Moses Shepherd died at Shepherd Hall of cholera on April 29, 1832, at the age of 68 during a cholera epidemic plaguing Wheeling after a devastating flood. Lydia Boggs Shepherd, now a wealthy widow, remarried to widower Daniel Cruger (December 22, 1780 - July 12, 1843), one year later on July 16, 1833, in Ohio County, Virginia (now West Virginia). Daniel Cruger, fourteen years her junior, was a United States Congressman from Steuben County, New York, and they had met in Washington, D.C., during her many trips there with her first husband, Moses Shepherd. Lydia Boggs Shepherd Cruger changed the name of the mansion from Shepherd Hall to Stone Mansion during the ten years of her marriage to Daniel Cruger. Daniel Cruger died suddenly of apoplexy on July 12, 1843, at the age of 62 during a bank meeting in Wheeling.

Lydia Boggs Shepherd Cruger lived the last twenty-four years of her life in solitude in the mansion (a few of her slaves remained on the plantation to care for her), occasionally receiving visitors and relatives eager to hear first hand accounts of Wheeling's history.
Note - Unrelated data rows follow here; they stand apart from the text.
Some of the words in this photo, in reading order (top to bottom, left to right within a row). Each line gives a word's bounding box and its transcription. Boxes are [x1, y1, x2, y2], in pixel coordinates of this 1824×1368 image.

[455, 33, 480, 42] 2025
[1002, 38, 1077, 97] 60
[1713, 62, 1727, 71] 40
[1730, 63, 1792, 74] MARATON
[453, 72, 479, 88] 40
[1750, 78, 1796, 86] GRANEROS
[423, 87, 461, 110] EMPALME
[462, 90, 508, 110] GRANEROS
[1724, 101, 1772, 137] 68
In 1849 when she was 83 years old, she caused a heated controversy when she swore out an affidavit discrediting Betty Zane as the heroine of the gunpowder exploit during the 1782 siege of Fort Henry sixty-seven years after the event in which she was one of the last surviving eyewitnesses. She had resided in Shepherd Hall from the time the mansion was built in 1798 until she died there at the age of 101 on September 29, 1867.

After Lydia Boggs Shepherd Cruger died in 1867, the vast Shepherd plantation was sold off into lots, thus becoming the area known as Elm Grove in Wheeling, West Virginia. Shepherd Hall was purchased in 1870 by Alonzo Loring (1820-1898) and his wife, Mary Caldwell (née Chapline) Patterson Loring (1830-1887), and changed its name to Monument Place. Ownership of the mansion eventually passed to their daughter Lucy Loring Milton. She made structural additions to the mansion in 1907. The Osiris Shrine Temple purchased Monument Place after the 1926 death of Lucy Loring Milton and retain ownership to the present day.
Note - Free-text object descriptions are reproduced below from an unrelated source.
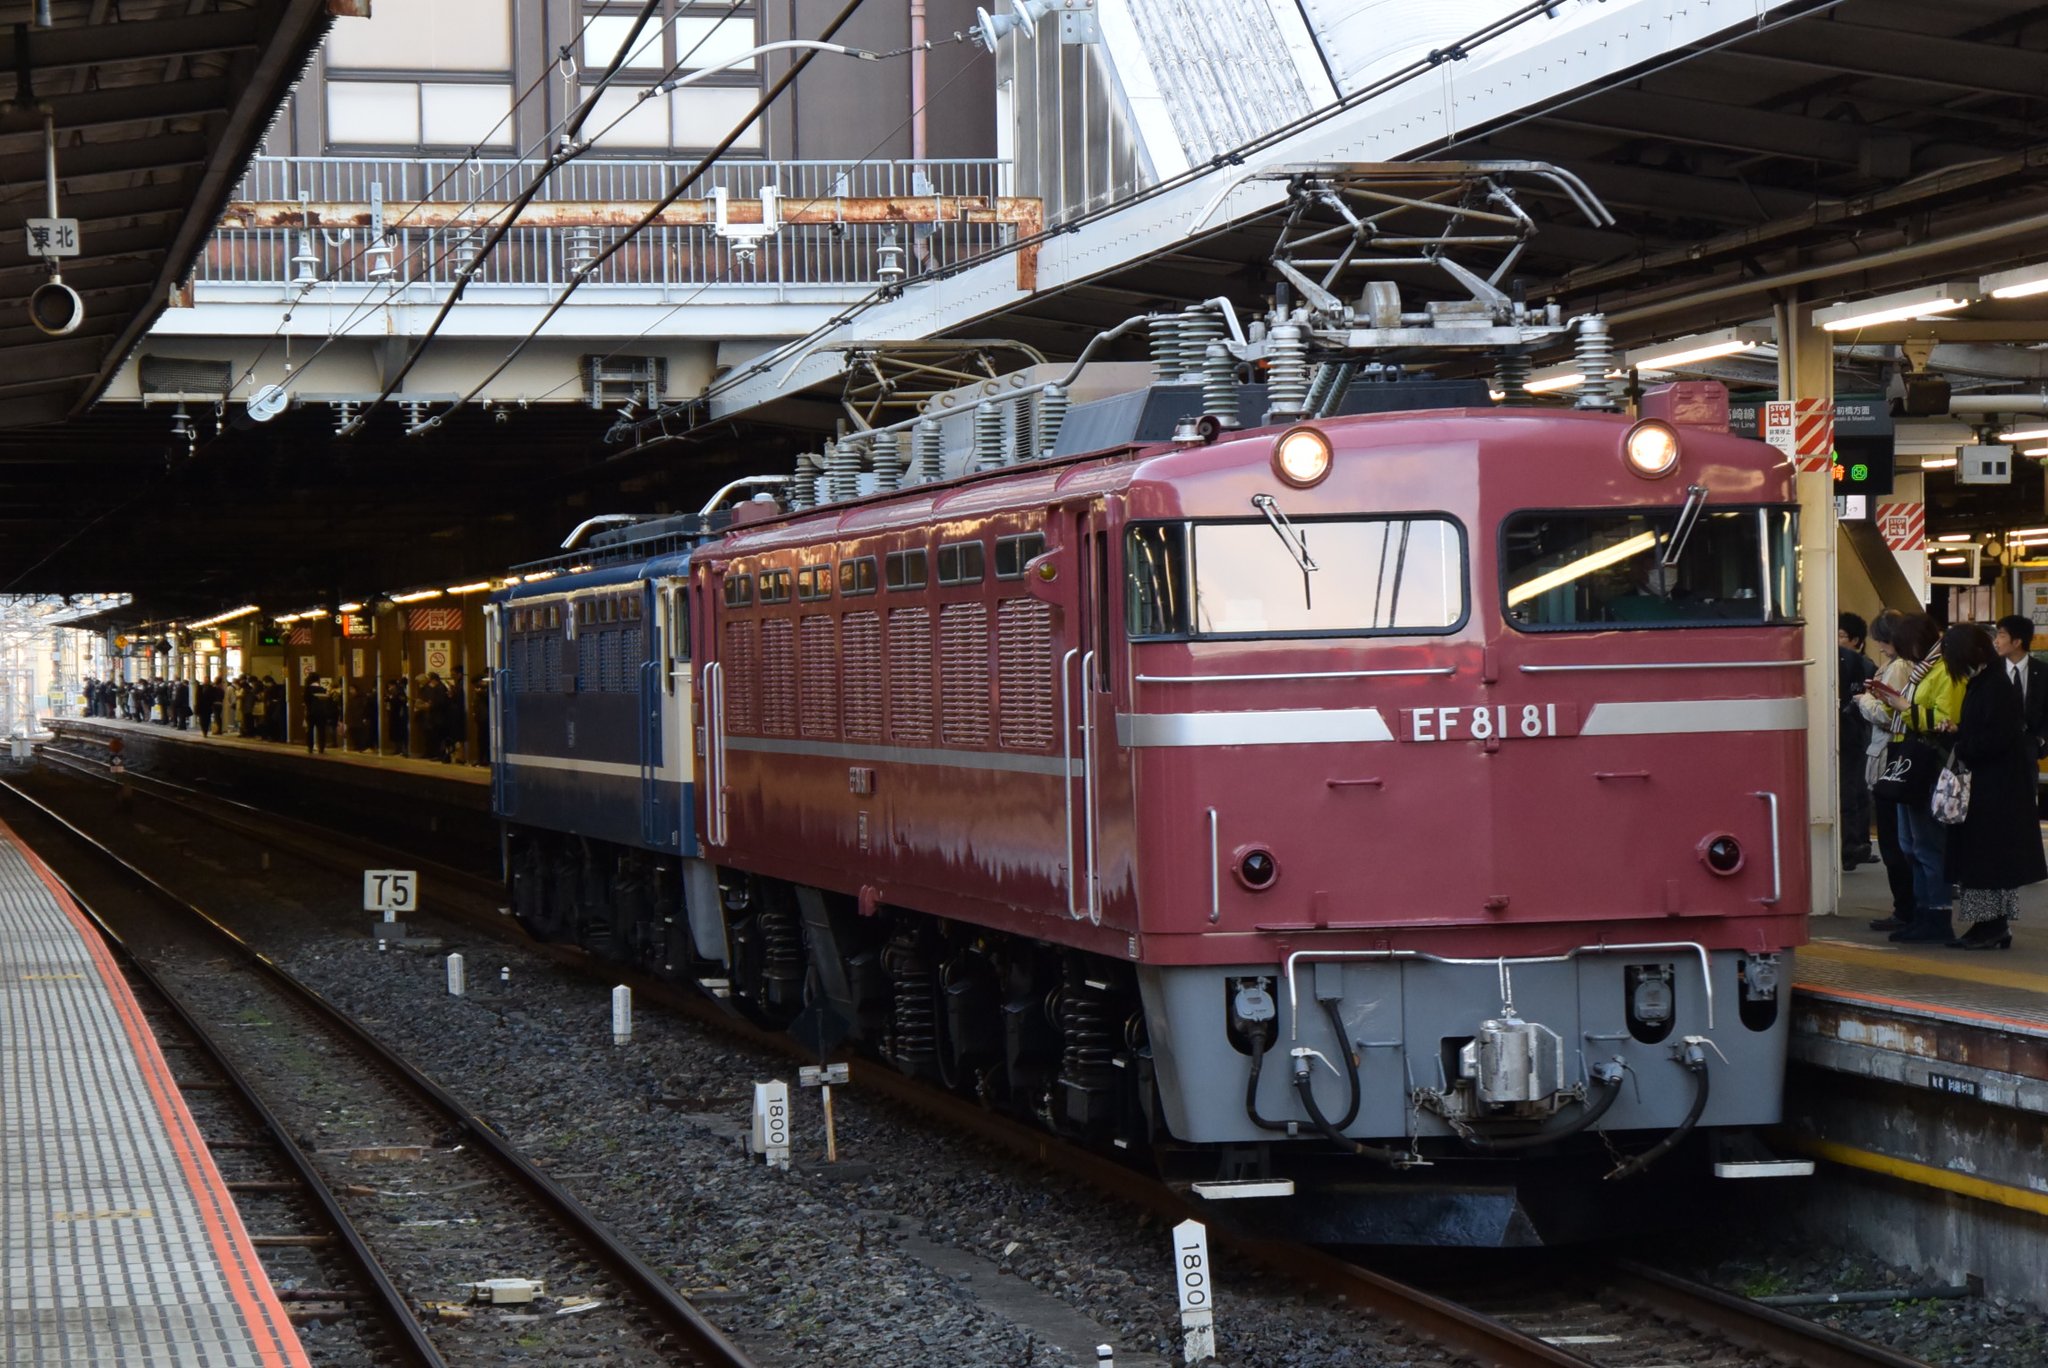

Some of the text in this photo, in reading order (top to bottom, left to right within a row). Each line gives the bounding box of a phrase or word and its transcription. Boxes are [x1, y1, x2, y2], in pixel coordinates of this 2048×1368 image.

[32, 225, 74, 251] 東北
[1413, 703, 1557, 741] EF 81 81
[372, 875, 409, 906] 75
[769, 1097, 785, 1144] 1800
[1182, 1243, 1206, 1306] 1800
Monument Place derives its name from a monument that Lydia and Moses Shepherd had erected on their property near the National Road in 1820 dedicated to Henry Clay for his support in bringing the National Road to Wheeling. The monument no longer stands.
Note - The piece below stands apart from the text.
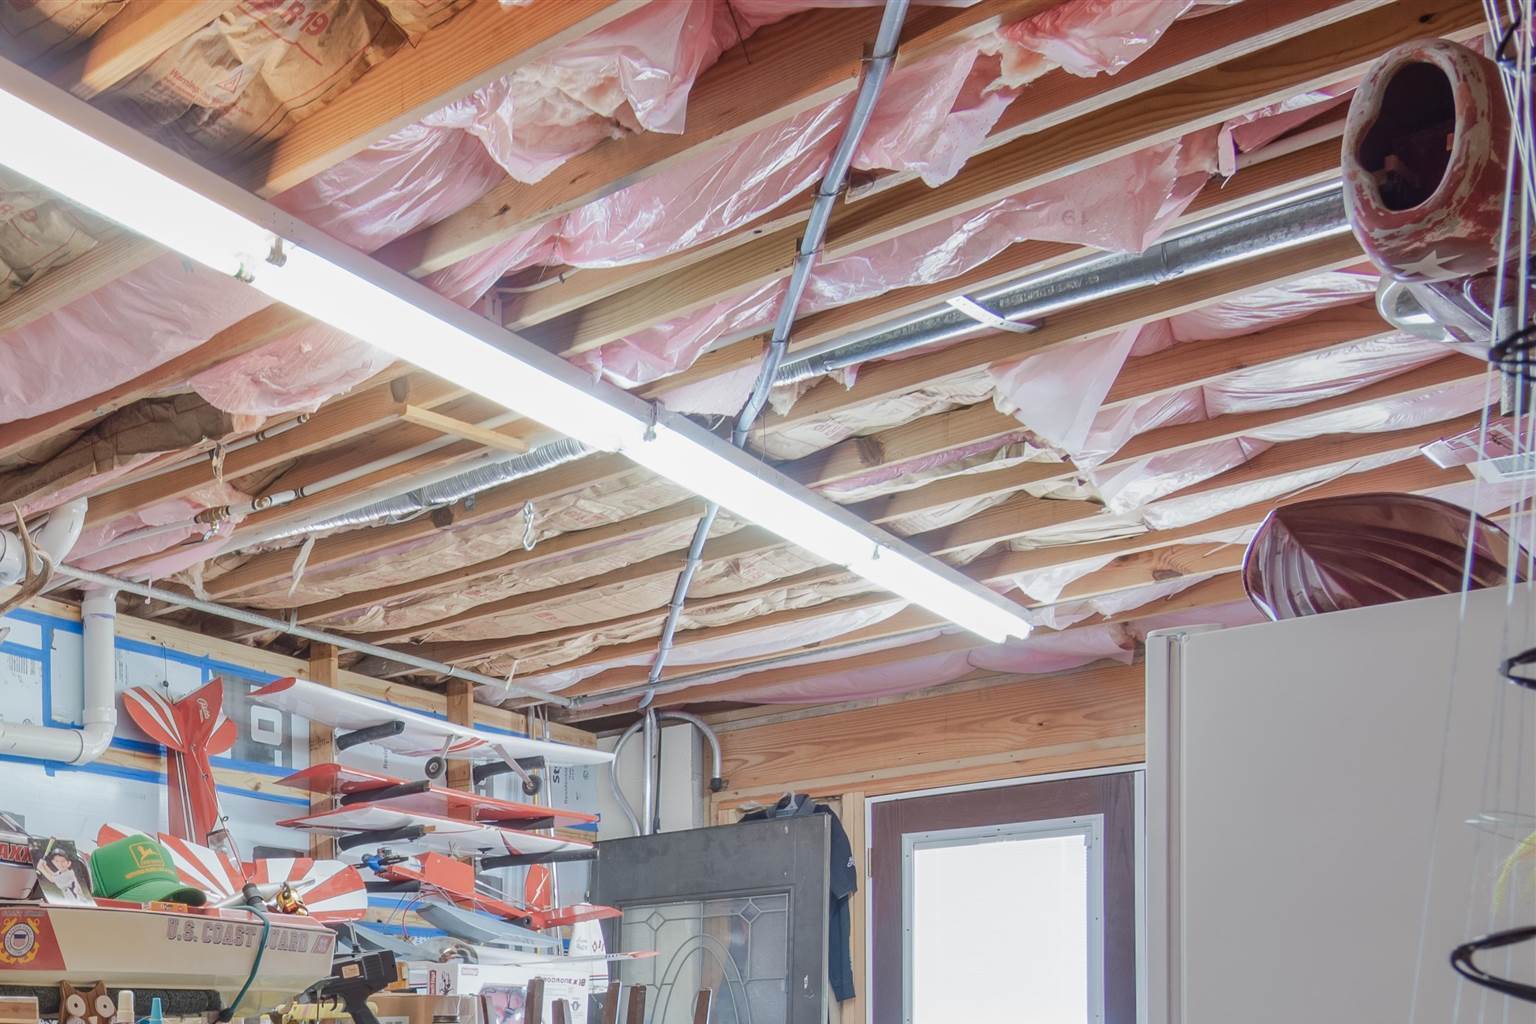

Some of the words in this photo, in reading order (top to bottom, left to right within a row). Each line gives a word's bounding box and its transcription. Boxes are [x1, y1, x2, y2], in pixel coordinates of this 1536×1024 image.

[279, 0, 330, 37] R-19
[166, 917, 198, 943] U.S.
[201, 921, 258, 949] COAST
[261, 927, 310, 953] UARD
As the neighborhood of Elm Grove in Wheeling developed, the street that passes directly in front of Shepherd Hall (Monument Place) was given the name Cruger Street, but Cruger was misspelled Kruger. The misspelled version of the surname was never corrected, and the street retains the name of Kruger Street to the present day.

==Stone Church Cemetery==
Moses Shepherd, Lydia Boggs Shepherd Cruger and Daniel Cruger are all buried in Stone Church Cemetery in Elm Grove, Wheeling, Ohio County, West Virginia, which is situated on a nearby hill overlooking Shepherd Hall (Monument Place). The cemetery was once part of the Shepherd plantation, and the land for the cemetery was given to the congregation of the Stone Presbyterian Church in 1795 by David Shepherd, the father of Moses Shepherd, who is also buried in the cemetery along with his wife and the mother of Moses Shepherd, Rachel Teague Shepherd. Several members of the Chapline, Patterson, Loring and Milton families, such as Lucy Loring Milton, her husband Charles Milton and her parents Alonzo Loring and Mary Chapline Patterson Loring, are also buried in Stone Church Cemetery.